**TASK REQUIREMENTS**. The expected output is the full data, repeated exactly, without pictures.
EXTRACTED INFORMATION START
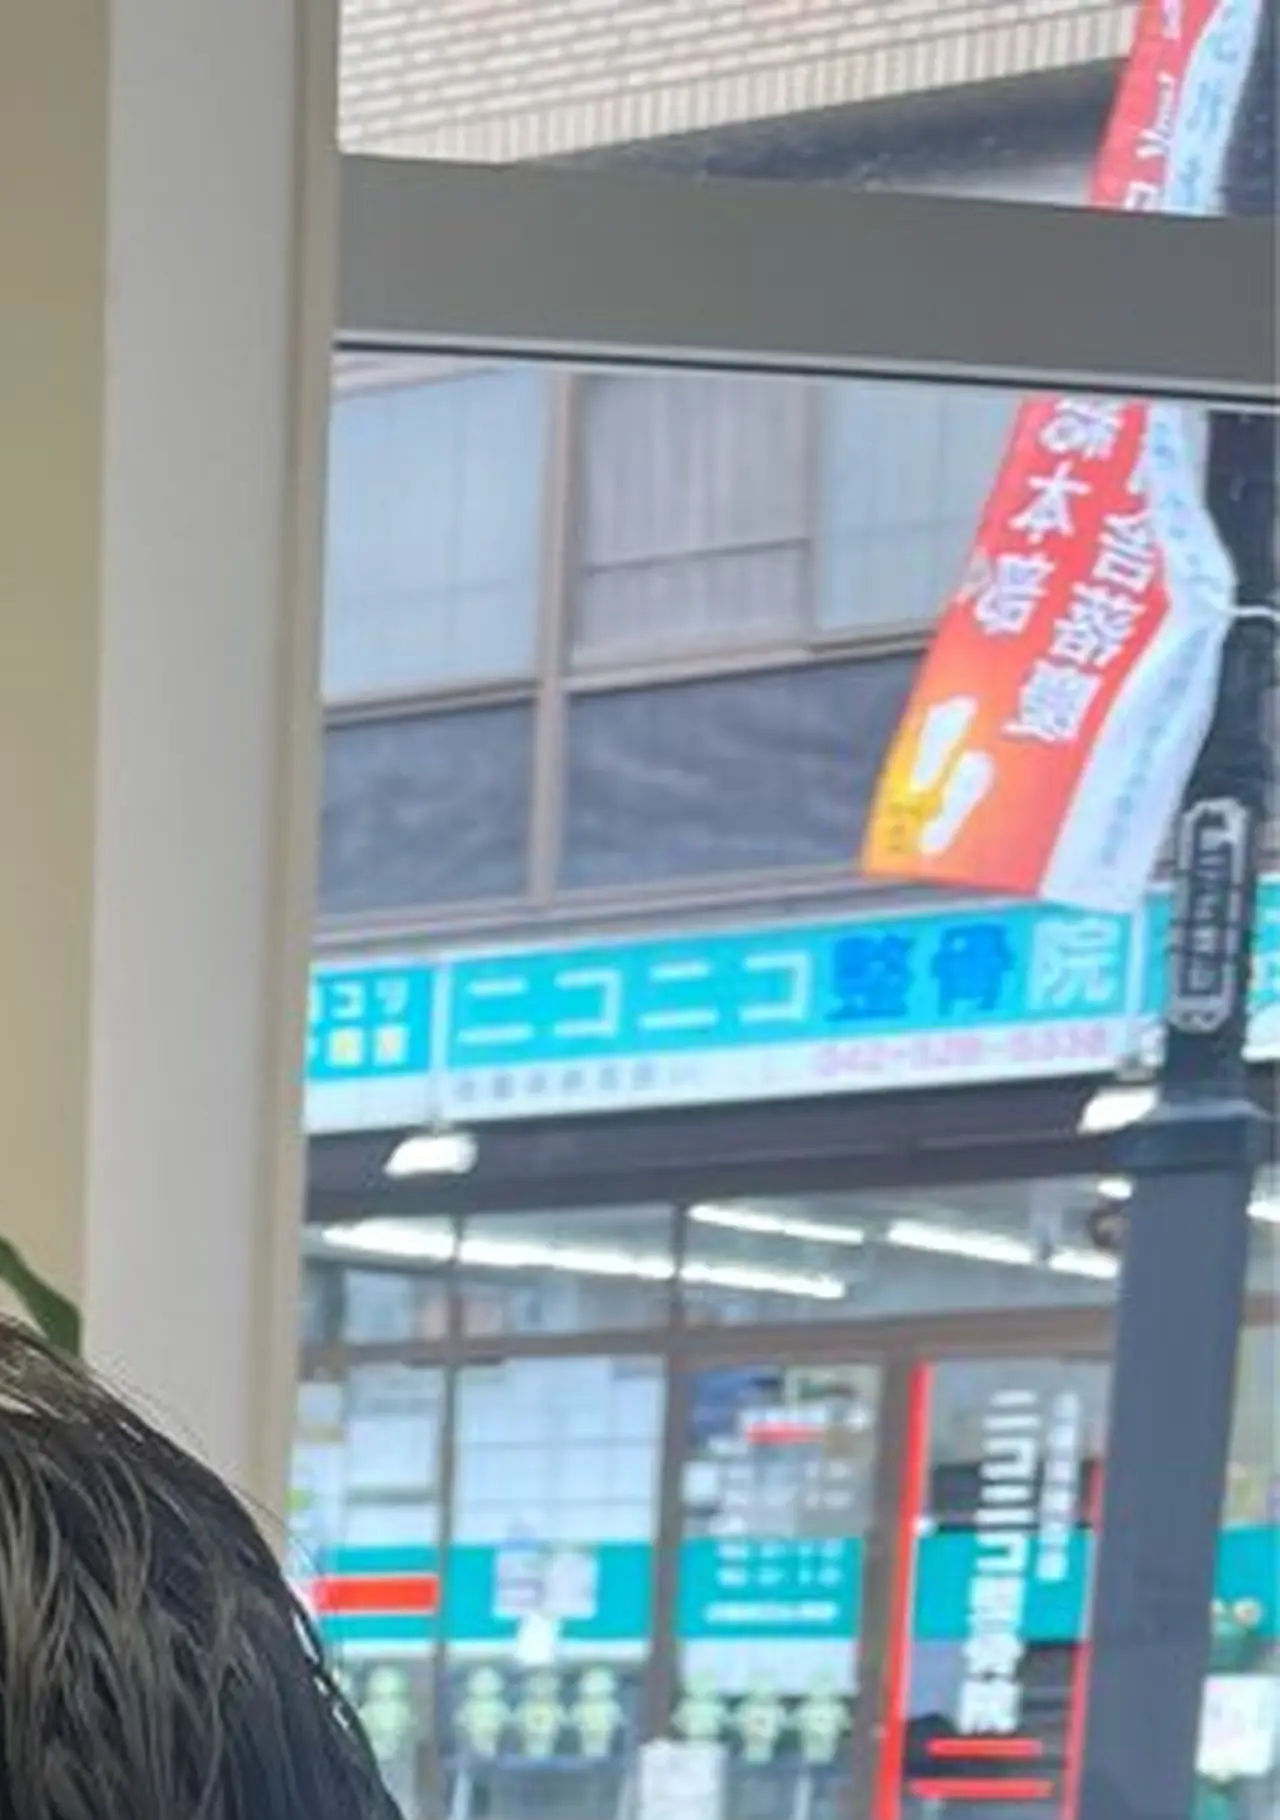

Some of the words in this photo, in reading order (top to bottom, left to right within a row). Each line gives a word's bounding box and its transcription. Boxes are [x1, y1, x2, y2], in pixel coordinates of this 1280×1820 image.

[456, 915, 1123, 1046] ニコニコ整骨院
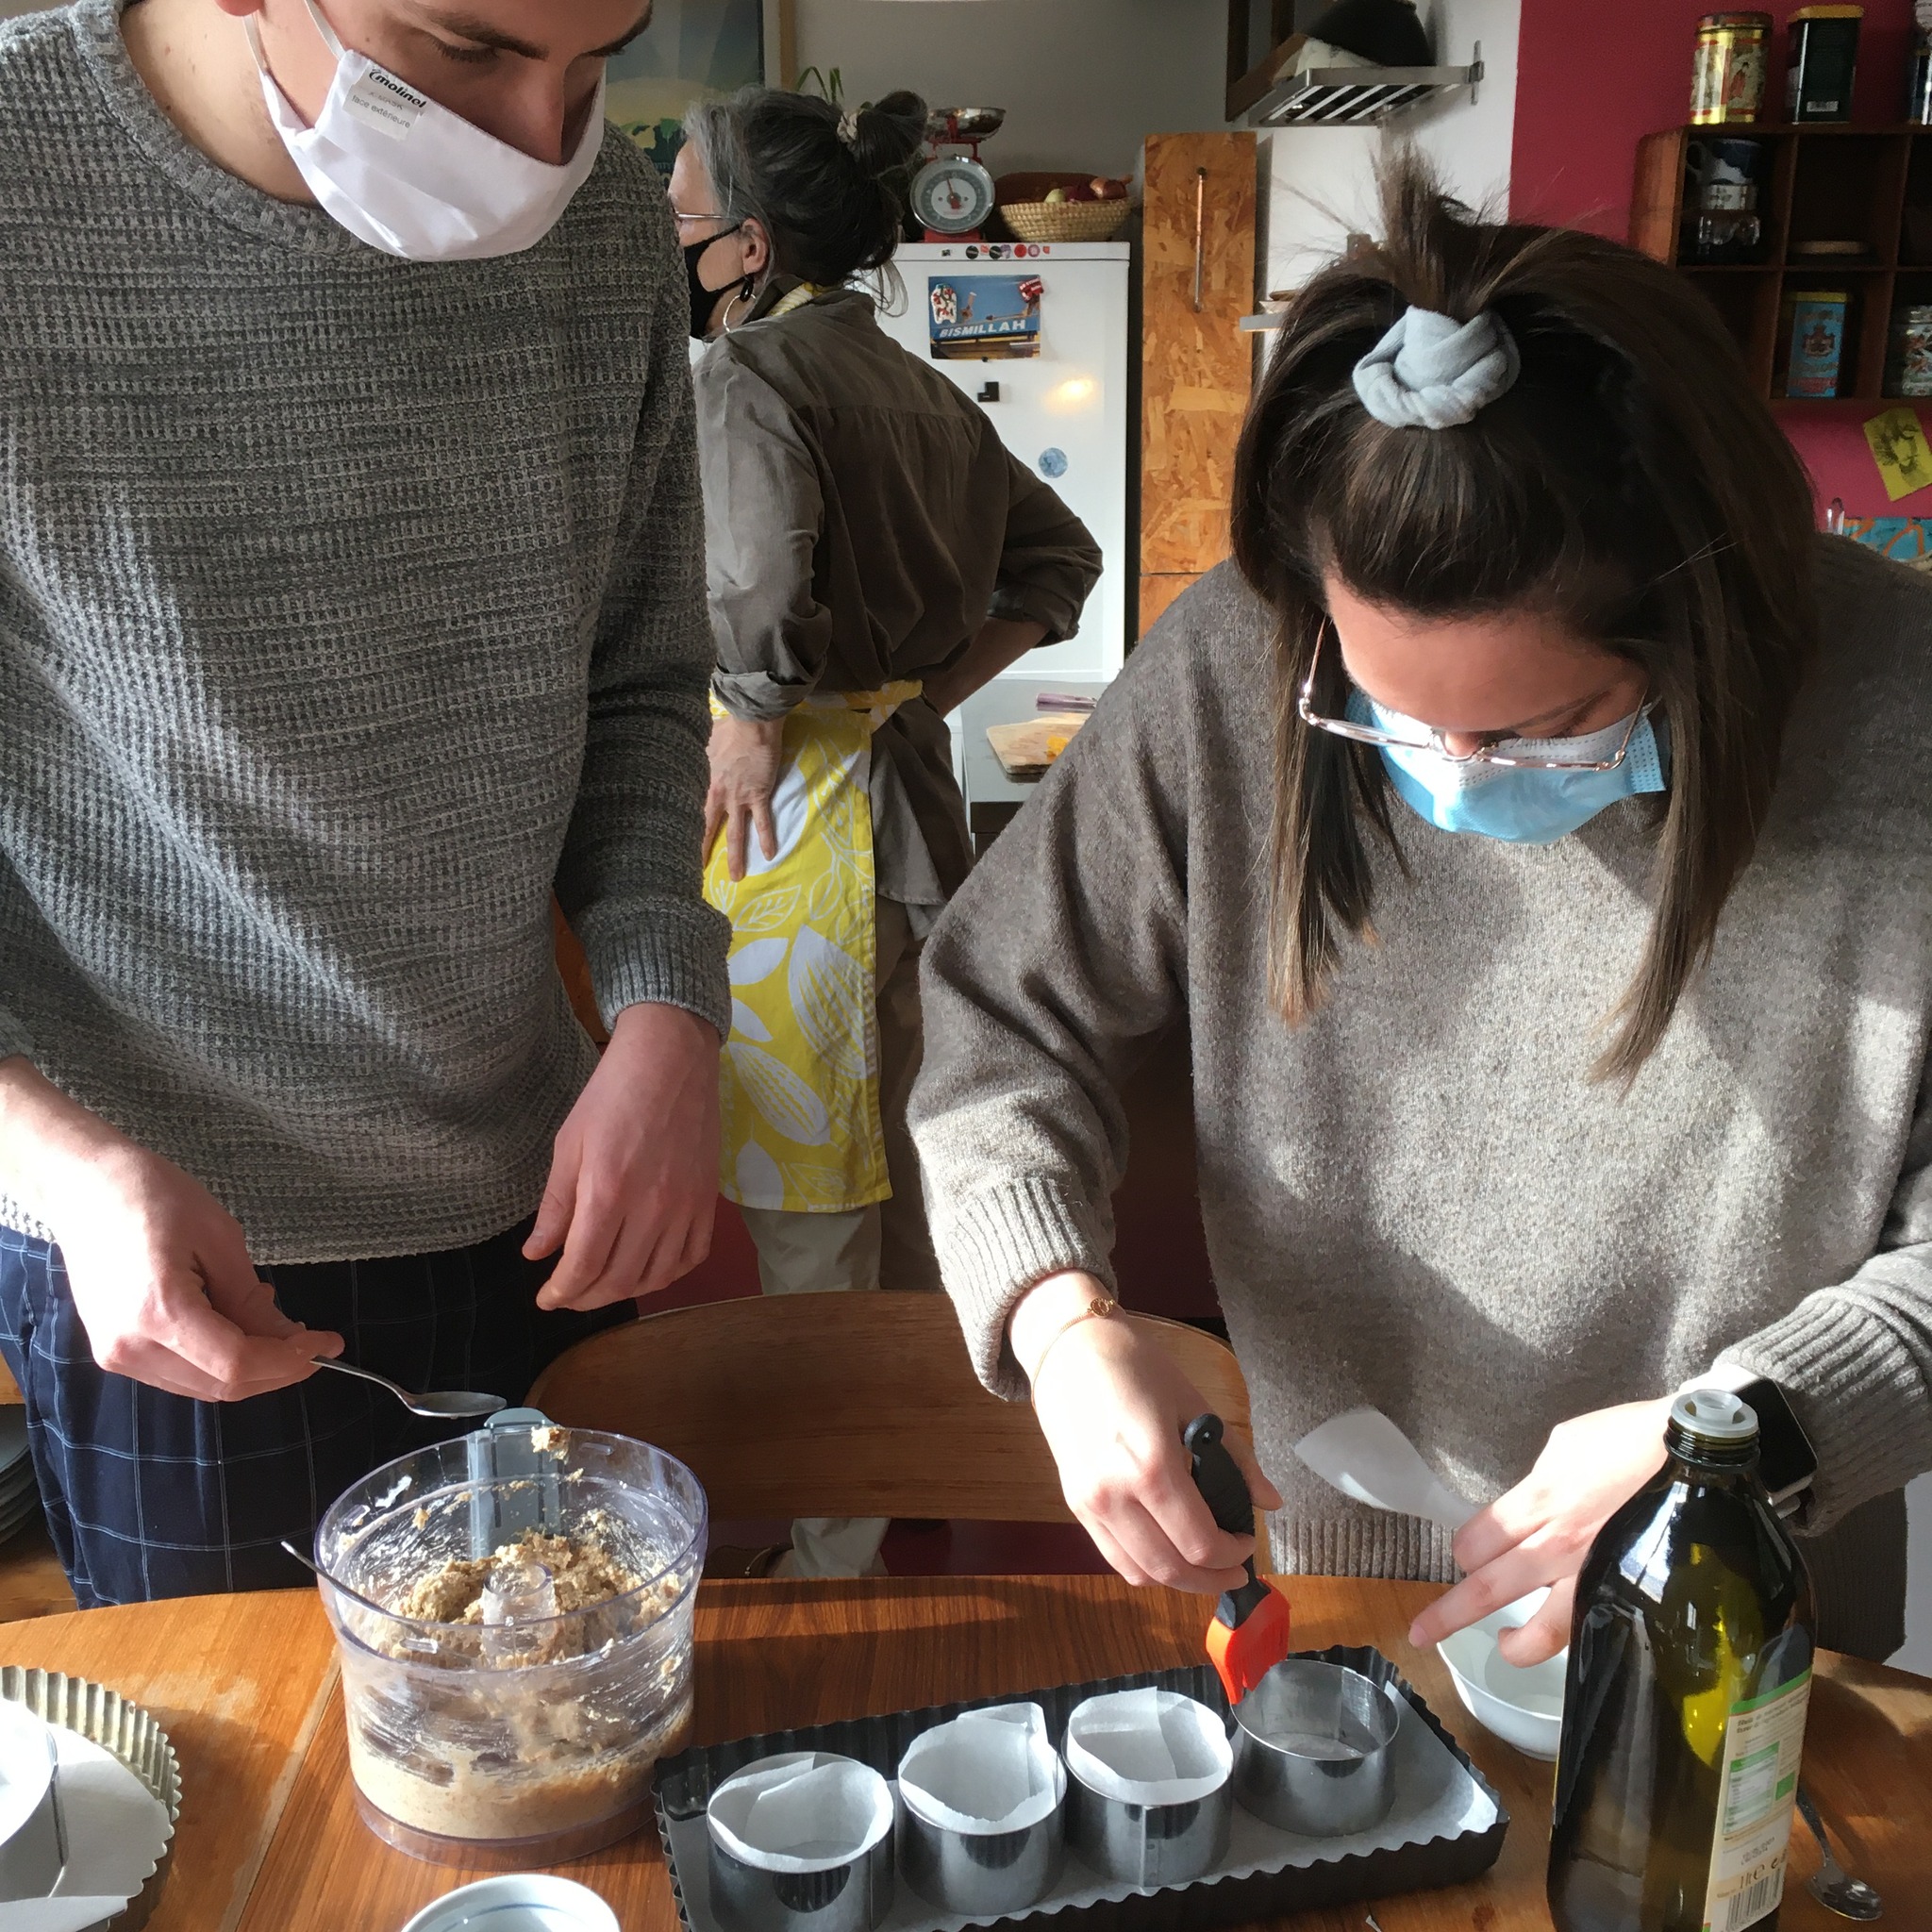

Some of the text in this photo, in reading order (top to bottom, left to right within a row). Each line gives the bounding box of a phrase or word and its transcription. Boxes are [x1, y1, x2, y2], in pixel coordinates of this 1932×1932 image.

[370, 71, 426, 108] molinel
[352, 95, 410, 128] face extérieure
[940, 319, 1026, 338] BISMILLAH
EXTRACTED INFORMATION END
**EXERCISE SOLUTION**.
Some of the words in this photo, in reading order (top to bottom, left to right within a row). Each line gives a word's bounding box and its transcription. Boxes are [x1, y1, x2, y2], in pixel coordinates of this 1280×1820 image.

[456, 915, 1123, 1046] ニコニコ整骨院

Some of the text in this photo, in reading order (top to bottom, left to right within a row). Each line gives the bounding box of a phrase or word and its transcription. Boxes are [x1, y1, x2, y2], in pixel coordinates of this 1932×1932 image.

[370, 71, 426, 108] molinel
[352, 95, 410, 128] face extérieure
[940, 319, 1026, 338] BISMILLAH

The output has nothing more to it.